And if the thrust of David’s newest TV project, the HBO sketch series Life, Larry And The Pursuit Of Unhappiness, is to be believed, the world has always been full of Larry Davids. Timed to the semiquincentennial of the United States’ declaration of independence from Great Britain, Life, Larry scans a 250-year timeline for spots where some prick who looks like the show’s namesake star loused things up, refused to take part in a mutually agreed upon norm, or picked an extremely strange hill to die on. The fun in that setup is that sometimes the hills and the dying are literal; unlike Curb’s small potatoes misunderstandings, the stakes here are sometimes no less than the very future of the republic. The drawback is that even within two and a half centuries of historical reference points, there are only so many ways to show David sticking his foot in his mouth, or taking the coward’s way out.
Some of this comes down to the semi-improvised manner in which David and co-creator (and frequent collaborator) Jeff Schaffer have been working for the past 26 years. The dialogue of Life, Larry And The Pursuit Of Unhappiness has the shaggy, off-the-cuff feel of Curb, or Schaffer’s fantasy-football comedy The League—but within the confines of a sketch, there’s no time to meander toward the type of explosive conclusions that those shows could sometimes reach. And when the improv is further hemmed in by period clothing or elaborate set dressing, the results can feel a little one-note: A first draft of the Declaration of Independence ruling against a laundry list of Davidian pet peeves, for instance, or riffs on modern air travel squeezed into the Wright brothers’ first flight.
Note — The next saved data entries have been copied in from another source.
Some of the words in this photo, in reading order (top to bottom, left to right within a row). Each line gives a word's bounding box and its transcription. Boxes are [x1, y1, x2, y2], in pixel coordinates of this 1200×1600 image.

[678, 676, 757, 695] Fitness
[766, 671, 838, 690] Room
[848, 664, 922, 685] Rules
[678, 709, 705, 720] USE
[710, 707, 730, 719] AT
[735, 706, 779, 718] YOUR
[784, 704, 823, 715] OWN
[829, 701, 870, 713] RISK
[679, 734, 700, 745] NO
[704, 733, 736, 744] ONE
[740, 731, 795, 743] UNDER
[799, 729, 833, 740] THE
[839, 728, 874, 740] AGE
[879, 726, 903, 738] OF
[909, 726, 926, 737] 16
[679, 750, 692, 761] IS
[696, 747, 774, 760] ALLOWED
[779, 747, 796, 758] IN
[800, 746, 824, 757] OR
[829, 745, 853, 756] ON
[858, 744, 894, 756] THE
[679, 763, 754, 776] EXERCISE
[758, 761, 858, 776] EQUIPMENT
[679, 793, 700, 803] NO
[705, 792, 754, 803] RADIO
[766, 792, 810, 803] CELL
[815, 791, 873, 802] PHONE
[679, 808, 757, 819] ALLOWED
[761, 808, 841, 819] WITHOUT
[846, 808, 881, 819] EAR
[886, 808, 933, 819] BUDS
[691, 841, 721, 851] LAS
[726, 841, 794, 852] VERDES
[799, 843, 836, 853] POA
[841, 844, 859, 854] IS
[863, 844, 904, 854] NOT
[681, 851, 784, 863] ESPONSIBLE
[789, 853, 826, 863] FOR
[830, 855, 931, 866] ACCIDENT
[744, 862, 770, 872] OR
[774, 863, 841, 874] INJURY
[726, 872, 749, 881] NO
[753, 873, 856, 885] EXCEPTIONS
The pacing suffers, which certainly doesn’t help the material that’s based on minor inconveniences like waiting in line.
What can help: Setting David up with a proper sparring partner. It’s little surprise that one of Life, Larry And The Pursuit Of Unhappiness’ highlights is a two-hander that casts him opposite J.B. Smoove; the pair draft off the easy, high-energy back-and-forth of their Curb characters to hit the ground running in a sketch that quickly transcends its dicey Underground Railroad setup (while also using it to establish one uncrossable line between their characters). Really, anytime the show manages to map a particular relationship dynamic or character game onto its history lessons, it scores: Reading a degree of domestic shirking into the Lewis and Clark expedition, for example, or an Army-McCarthy hearings sketch that essentially takes the same tack as the Declaration of Independence one, but just finds a steadier rhythm and a more entertaining register for David to play.
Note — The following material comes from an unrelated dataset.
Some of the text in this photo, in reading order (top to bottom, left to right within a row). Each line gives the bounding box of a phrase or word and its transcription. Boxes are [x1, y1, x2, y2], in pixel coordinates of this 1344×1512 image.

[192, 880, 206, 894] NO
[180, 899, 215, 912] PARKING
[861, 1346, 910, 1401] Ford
Yet, when the jokes aren’t landing, or a sketch is dragging on for one or two beats too many, it’s hard not to wonder: Why this? Sure, David is invested enough in history to have taken his daughter Cazzie on a meme-ready tour of Civil War battlegrounds and gone on Finding Your Roots to be told by Henry Louis Gates Jr. that his connection to Bernie Sanders runs deeper than a Saturday Night Live impression. But after a while, it starts to feel like Life, Larry And The Pursuit Of Unhappiness is just a bigger budget version of an SNL political cold open, or a “Washington’s Dream” with higher star wattage and a production credit for a former president and first lady. Any attempts to comment on the current state of affairs in the U.S. are too sweaty or strained—though there is one righteous, unequivocal shot taken at David’s second-degree connection to the second Trump White House. Still, in the face of the squarely patriotic America250 (or its UFC-match-on-the-White-House-lawn evil twin), it’s at least refreshing to see some commemoration of the semiquincentennial that’s willing to acknowledge the good and the bad in America’s past. Larry David is fit to encapsulate both, even if Life, Larry And The Pursuit Of Happiness is unlikely to follow him into the history books.